The cry that had been clawing its way out of him guttered and died.
"...what in the world."
It's like — faint lights, flickering, drifting off into the air?
But why does Isolde have so much more of it on her—
He shook his head.
"Jumpscare contact lenses, eh?" Isolde asked, dry.
"Maybe. But, uh." Aim blinked again, lifting one hand in front of his face and turning it over. "I'm seeing strange things now that I've got them on."
"Apparently — when I look at a person, or even just the air, I see these odd colored lights. People are brighter, though."
"Brightest at the head."
"Like — some kind of see-through vision?"
"Something like that, I guess..."
"Then we can go—"
A sound came down through the temple.
It was not loud the way thunder is loud. It was loud the way a mountain is loud when it begins to move — a vast, low, grinding concussion.
Something, somewhere in the dark of Sancturia, had begun to come toward them, and the whole dying building groaned around it as it came.
"What's going on, Sol—"
Isolde's hand clamped over his mouth and yanked, and in the same motion she swept the both of them down behind a heavy crate near the wall.
"Quiet!" she breathed.
Nod, nod—
A footfall.
Then another. And another.
The footsteps that had been coming closer were softening now.
Yet the fear had not stop plastering on Isolde's face. It had only settled there, gone still.
Aim's was no different.
A footfall, very close.
His whole body flinched, a single hard jolt he could not stop, the kind that happens before the mind has time to decide anything at all.

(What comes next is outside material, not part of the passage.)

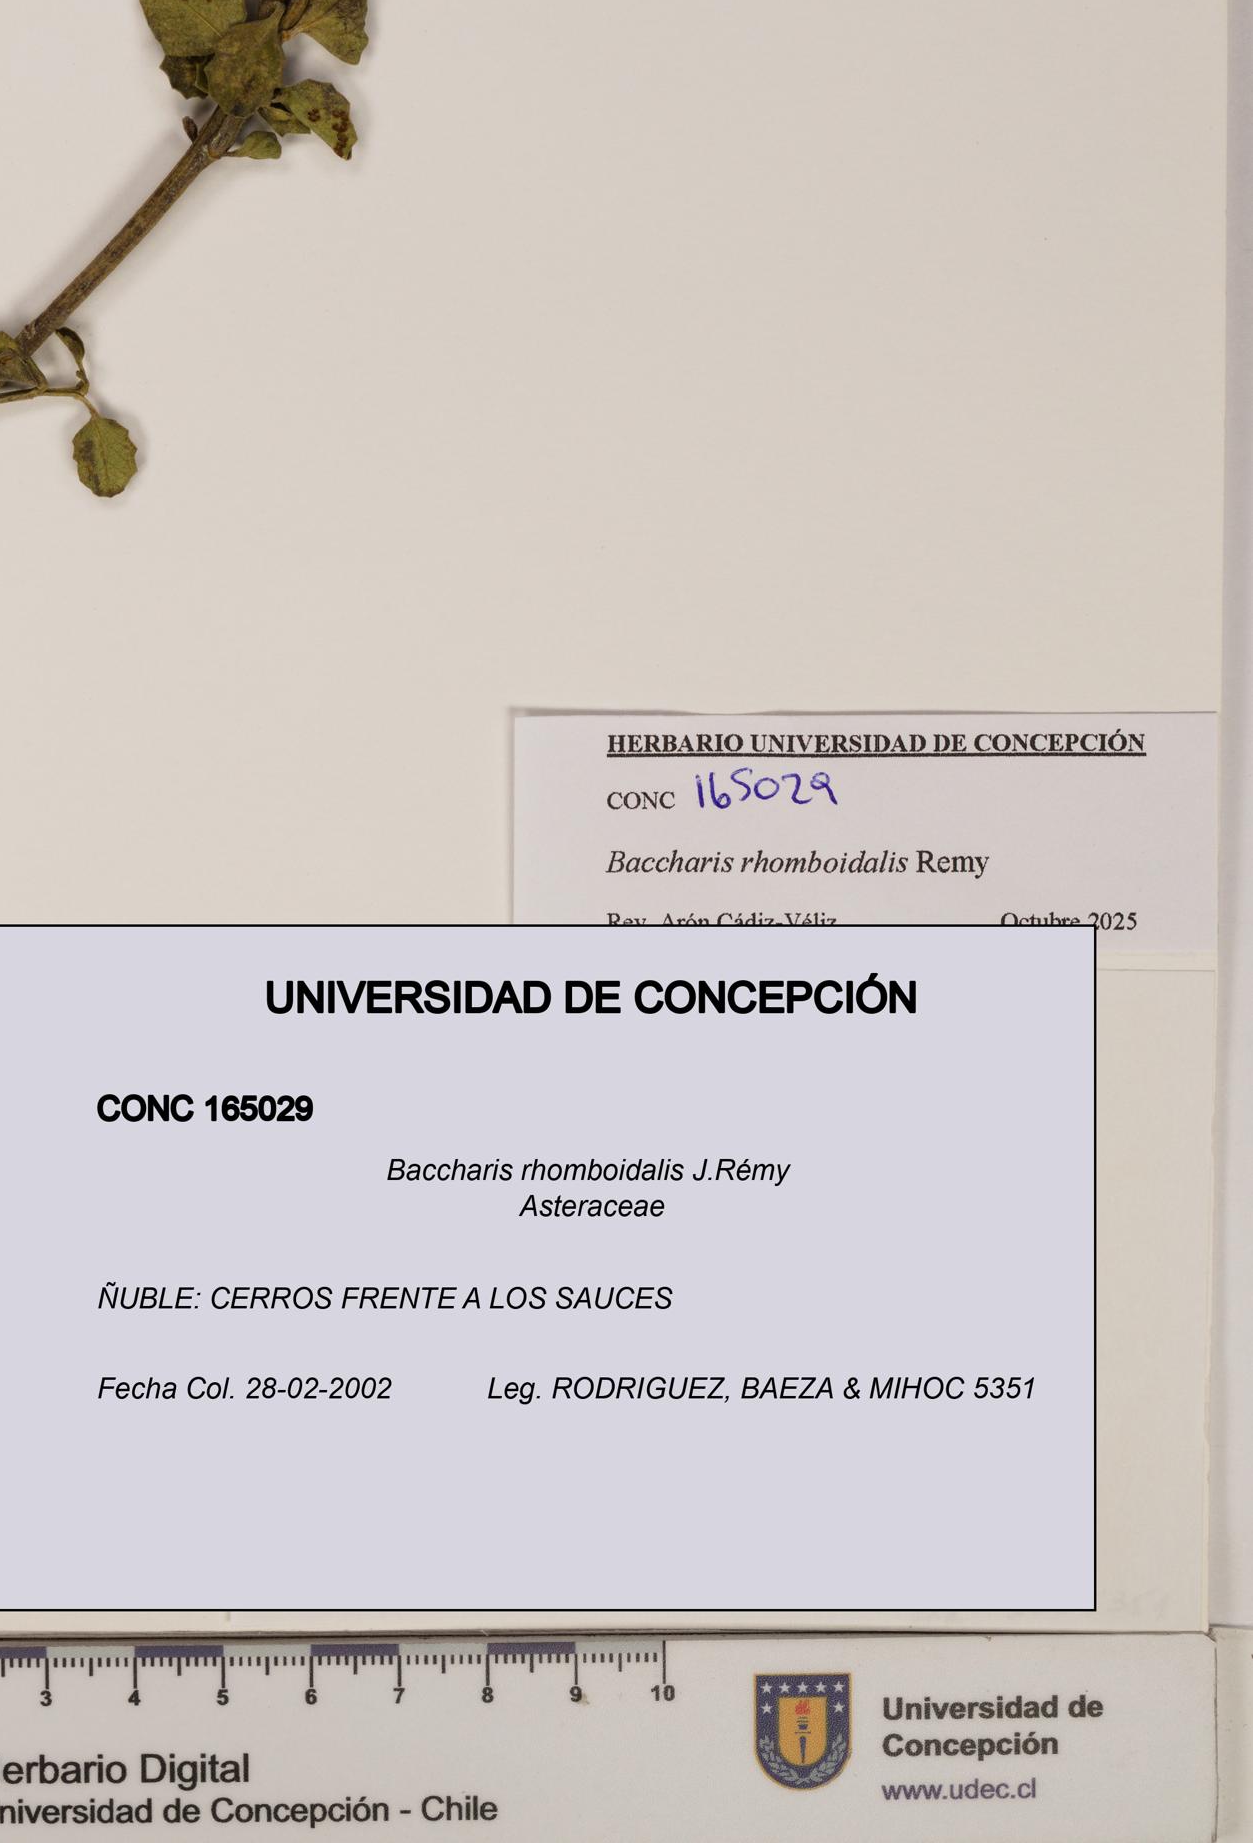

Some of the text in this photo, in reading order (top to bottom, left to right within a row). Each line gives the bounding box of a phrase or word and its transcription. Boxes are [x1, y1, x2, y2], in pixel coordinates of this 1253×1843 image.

And then the thing tore through the wall of the storeroom — tore, ripping the stone aside the slowly.
"Quiet," Isolde mouthed, her hand pressing harder over his lips.
...
Aim eased his head out from behind the crate, slow, an inch at a time.
He looked.
His breath stopped in his chest — not a gasp, there was no air for a gasp, just a sudden total stillness, every part of him going rigid at once as though his body had understood something his mind had not yet been allowed to. He pulled his head back behind the crate.
Across from him, Isolde's face had gone tight with confusion. She made a small, sharp gesture with one hand — a question — and when he only stared back at her, she made it again, slower, brows drawing together, not understanding what he had seen.

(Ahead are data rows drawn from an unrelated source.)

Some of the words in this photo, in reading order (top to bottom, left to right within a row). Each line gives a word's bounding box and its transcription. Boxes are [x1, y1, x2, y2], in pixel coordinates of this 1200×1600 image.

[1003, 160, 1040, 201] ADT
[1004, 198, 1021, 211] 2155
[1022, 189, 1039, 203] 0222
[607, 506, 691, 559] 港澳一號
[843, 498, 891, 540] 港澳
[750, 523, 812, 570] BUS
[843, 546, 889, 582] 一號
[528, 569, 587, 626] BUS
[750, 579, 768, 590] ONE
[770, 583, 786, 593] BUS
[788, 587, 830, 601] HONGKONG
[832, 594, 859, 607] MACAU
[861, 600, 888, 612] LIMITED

That's language no normal human can understand, Sol..
Aim pressed the heel of his palm against his temple.
Another footfall, closer.
The cold of it crawled the length of both their spines, slow, and settled at the base of the skull, and would not leave.

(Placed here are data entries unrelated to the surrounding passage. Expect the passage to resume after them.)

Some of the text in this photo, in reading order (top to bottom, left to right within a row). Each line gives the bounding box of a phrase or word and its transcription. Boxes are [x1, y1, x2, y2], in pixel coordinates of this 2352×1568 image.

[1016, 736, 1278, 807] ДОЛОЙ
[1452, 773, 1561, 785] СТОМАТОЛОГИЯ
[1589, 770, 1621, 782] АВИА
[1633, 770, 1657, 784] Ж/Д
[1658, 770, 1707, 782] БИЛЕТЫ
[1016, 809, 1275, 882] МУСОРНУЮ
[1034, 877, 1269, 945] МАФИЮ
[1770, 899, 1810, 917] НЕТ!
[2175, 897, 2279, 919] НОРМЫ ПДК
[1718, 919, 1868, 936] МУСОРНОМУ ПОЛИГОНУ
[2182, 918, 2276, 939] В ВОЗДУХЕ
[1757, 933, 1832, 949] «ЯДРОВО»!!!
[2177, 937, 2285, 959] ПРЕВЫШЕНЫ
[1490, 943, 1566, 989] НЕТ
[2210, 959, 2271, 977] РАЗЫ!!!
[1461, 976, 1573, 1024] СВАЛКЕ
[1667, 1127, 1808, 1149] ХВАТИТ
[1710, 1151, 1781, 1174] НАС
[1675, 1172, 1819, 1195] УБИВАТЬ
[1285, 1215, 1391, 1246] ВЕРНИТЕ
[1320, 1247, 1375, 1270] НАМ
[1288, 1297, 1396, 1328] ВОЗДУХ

He cast Catalyst up, wetting the tip of one glove with ink and worked it onto the wooden crate, he wrote:
WHAT. CREATURE. DON'T KNOW.
Isolde stared at the words, then made the same useless little gesture again, palms turning up, brows knit.
He wiped the leather and wrote:
BLACK. CORRUPTED. LIKE OMEN
The thing in the room went still.
What's it doing.
Aim narrowed his eyes behind the lenses and made himself look again — not at the shape of it, but at the lights, the strange drifting colors the lens had given him.
Why has its head suddenly gone so bright—
Then
The patch of color where its skull should be was guttering. Dimming. Whatever the lights meant, the brightest part of a living thing — *brightest at the head,* he'd said — was draining out of the creature in front of him, fast, like water leaving a cracked basin.
"That's it!"
Isolde grabbed a fistful of Aim's collar, ready to run—
But—
A breath stopped in two throats at once.
The face was already there, an arm's length from them, filling the space behind the crate where there had been nothing a heartbeat before.